One of our main goals was to facilitate for the in vivo directed evolution of small molecule binding enzymes. The concept behind this idea is the use of riboswitches for the activation of geneIII. To prove our idea, we made use of a theophylline binding riboswitch in relation with the Enzyme CYP1A2, which catalyzes the reaction of caffeine to theophylline. As we could show that the principle of enzyme evolution with the help of riboswitches works, our best composite part is the theophylline riboswitch, followed by geneIII and flanked ba homology regions, which make it compatible with our cloning standard.

Background

Our evolution circuit for cytochrome engineering works as follows: Bacteriophages infect bacterial cells by introducing their genome. The genome encodes a Selection Plasmid (SP) that contains the human CYP1A2 variant and all necessary components for virus propagation except geneIII. The Accessory Plasmid (AP) codes for geneIII driven by a Psp-tet promoter and contains a riboswitch, located between the promoter and geneIII, which regulates the expression rate of geneIII. The riboswitch on the AP is only active if theophylline reaches a certain concentration within the bacterium. If CYP1A2 is active, caffeine is converted to theophylline. Gradually the theophylline concentration increases and acts upon the riboswitch, which enables expression of geneIII. Additionally, the AP encodes for the chaperone HDJ-1, which is essential to receive the functional CYP1A2 enzyme (Fig. 1).

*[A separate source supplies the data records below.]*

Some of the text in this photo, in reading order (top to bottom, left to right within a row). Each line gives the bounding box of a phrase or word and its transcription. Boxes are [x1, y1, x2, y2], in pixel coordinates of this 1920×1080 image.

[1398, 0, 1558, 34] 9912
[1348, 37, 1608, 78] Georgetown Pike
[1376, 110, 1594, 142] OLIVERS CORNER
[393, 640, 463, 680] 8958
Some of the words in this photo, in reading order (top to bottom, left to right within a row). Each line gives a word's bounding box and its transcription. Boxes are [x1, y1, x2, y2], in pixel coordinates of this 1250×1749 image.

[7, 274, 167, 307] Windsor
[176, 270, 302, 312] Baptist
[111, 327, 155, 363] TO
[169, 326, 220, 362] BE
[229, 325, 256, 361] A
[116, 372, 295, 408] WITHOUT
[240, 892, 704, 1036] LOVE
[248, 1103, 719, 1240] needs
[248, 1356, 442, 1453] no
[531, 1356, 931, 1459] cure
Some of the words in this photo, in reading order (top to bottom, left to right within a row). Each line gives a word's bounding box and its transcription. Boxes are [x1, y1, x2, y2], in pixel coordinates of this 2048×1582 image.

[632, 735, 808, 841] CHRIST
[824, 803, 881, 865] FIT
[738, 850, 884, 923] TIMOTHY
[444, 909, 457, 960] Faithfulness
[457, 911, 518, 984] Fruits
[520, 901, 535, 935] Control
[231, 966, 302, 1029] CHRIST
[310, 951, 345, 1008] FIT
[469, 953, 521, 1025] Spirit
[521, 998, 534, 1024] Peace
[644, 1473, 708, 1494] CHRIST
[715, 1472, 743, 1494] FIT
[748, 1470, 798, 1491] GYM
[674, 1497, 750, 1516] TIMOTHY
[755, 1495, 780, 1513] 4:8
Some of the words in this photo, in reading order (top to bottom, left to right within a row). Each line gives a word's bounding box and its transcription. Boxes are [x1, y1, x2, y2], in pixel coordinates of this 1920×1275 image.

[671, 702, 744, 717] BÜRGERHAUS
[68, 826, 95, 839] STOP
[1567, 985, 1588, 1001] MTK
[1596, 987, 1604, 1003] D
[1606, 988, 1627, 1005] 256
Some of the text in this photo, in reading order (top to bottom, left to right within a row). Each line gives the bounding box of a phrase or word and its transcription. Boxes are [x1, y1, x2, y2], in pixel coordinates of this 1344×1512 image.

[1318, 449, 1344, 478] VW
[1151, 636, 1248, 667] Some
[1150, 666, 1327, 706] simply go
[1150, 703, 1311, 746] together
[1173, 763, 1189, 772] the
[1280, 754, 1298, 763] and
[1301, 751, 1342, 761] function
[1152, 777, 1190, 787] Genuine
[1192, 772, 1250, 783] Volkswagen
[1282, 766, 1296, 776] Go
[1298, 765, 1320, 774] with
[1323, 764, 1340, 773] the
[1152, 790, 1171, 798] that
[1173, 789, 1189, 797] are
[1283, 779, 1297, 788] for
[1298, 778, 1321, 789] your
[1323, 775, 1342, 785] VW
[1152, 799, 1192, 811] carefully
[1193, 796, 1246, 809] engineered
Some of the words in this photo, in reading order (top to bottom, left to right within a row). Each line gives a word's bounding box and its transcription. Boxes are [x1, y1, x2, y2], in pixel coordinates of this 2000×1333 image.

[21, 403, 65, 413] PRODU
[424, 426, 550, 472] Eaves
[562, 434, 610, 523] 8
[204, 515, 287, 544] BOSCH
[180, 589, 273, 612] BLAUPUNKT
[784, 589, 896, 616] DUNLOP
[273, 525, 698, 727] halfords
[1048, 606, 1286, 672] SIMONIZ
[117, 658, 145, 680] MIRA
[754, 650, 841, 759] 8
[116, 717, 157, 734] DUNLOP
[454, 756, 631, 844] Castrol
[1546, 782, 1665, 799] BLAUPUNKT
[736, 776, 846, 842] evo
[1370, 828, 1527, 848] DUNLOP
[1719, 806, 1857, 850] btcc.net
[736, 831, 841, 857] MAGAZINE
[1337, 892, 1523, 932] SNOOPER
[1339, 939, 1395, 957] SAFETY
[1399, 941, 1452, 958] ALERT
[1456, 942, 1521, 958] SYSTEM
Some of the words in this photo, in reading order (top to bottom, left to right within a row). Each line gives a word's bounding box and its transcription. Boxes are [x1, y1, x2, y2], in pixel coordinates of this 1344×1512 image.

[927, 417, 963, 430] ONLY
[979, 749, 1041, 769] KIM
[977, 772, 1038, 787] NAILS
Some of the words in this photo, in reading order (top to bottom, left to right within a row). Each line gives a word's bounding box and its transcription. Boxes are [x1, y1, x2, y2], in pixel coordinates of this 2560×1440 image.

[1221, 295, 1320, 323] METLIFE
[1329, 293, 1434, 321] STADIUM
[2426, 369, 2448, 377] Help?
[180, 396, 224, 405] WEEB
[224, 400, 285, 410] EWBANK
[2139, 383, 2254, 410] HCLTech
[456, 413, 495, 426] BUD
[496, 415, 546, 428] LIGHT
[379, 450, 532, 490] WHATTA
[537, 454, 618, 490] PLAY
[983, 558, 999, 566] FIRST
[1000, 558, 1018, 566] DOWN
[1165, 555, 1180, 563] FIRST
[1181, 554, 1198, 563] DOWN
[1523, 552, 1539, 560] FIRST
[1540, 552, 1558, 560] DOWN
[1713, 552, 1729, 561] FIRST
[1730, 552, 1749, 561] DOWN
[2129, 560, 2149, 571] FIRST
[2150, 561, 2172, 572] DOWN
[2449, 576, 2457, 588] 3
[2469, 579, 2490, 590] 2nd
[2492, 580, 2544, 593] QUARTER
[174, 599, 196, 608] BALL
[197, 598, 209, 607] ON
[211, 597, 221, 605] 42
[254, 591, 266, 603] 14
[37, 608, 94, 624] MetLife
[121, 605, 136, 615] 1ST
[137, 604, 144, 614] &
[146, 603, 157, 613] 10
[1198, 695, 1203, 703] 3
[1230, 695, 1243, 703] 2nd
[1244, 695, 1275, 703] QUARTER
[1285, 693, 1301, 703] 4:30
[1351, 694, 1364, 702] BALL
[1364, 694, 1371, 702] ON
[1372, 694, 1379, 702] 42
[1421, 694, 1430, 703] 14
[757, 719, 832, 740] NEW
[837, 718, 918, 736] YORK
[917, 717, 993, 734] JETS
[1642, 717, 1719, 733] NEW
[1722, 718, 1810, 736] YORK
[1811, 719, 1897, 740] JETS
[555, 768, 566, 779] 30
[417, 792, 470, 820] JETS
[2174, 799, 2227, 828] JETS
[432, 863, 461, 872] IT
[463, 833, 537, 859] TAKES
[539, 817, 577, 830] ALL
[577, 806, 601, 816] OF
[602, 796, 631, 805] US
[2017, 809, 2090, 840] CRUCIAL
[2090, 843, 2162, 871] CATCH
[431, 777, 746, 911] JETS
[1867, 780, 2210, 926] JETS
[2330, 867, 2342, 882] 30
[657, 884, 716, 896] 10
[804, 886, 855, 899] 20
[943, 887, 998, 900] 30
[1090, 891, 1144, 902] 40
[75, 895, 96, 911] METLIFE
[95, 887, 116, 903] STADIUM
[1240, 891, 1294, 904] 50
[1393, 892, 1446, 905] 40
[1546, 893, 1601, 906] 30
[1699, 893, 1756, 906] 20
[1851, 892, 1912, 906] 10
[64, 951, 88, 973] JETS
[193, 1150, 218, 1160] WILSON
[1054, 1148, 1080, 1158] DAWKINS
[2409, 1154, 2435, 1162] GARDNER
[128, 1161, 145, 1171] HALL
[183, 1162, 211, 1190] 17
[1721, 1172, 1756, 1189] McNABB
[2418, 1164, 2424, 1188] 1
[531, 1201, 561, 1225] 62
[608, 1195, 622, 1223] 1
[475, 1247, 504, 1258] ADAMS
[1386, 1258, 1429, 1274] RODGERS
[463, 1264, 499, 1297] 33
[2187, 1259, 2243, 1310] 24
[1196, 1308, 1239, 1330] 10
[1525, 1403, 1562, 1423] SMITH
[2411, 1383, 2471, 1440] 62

In a first step, we wanted to validate our AP. Therefore, we added theophylline with a concentration of 100 µM to our inoculated culture and performed two rounds of PREDCEL. Afterwards, we determined the phage titers by plaque assays. Our theophylline treated culture displayed approximately two times higher phage titers than the non-treated control culture. Using the same experimental conditions, but replacing the theophylline treatment by a 300 µM caffeine treatment, we verified the functionality of CYP1A2 and thus of our SP. If caffeine is added to the culture, CYP1A2 catalyzes the reaction from caffeine to theophylline. The resulting increase of the theophylline concentration further activates the riboswitch on the AP and phage propagation is stimulated (Fig. 2). For the evolution of proteins via PREDCEL the addition of a Mutagenesis Plasmid (MP) is essential. For our cytochrome engineering approach we have chosen MP4, which induces a medium mutation rate badran2015development. After six iterations of our optimized PREDCEL workflow, we performed plaque assays and sequenced single plaques. The sequenced plaques showed five recurrent mutations demonstrating that we are able to induce mutations with our experimental setup and that we are able to evolve enzymes (Fig. 7).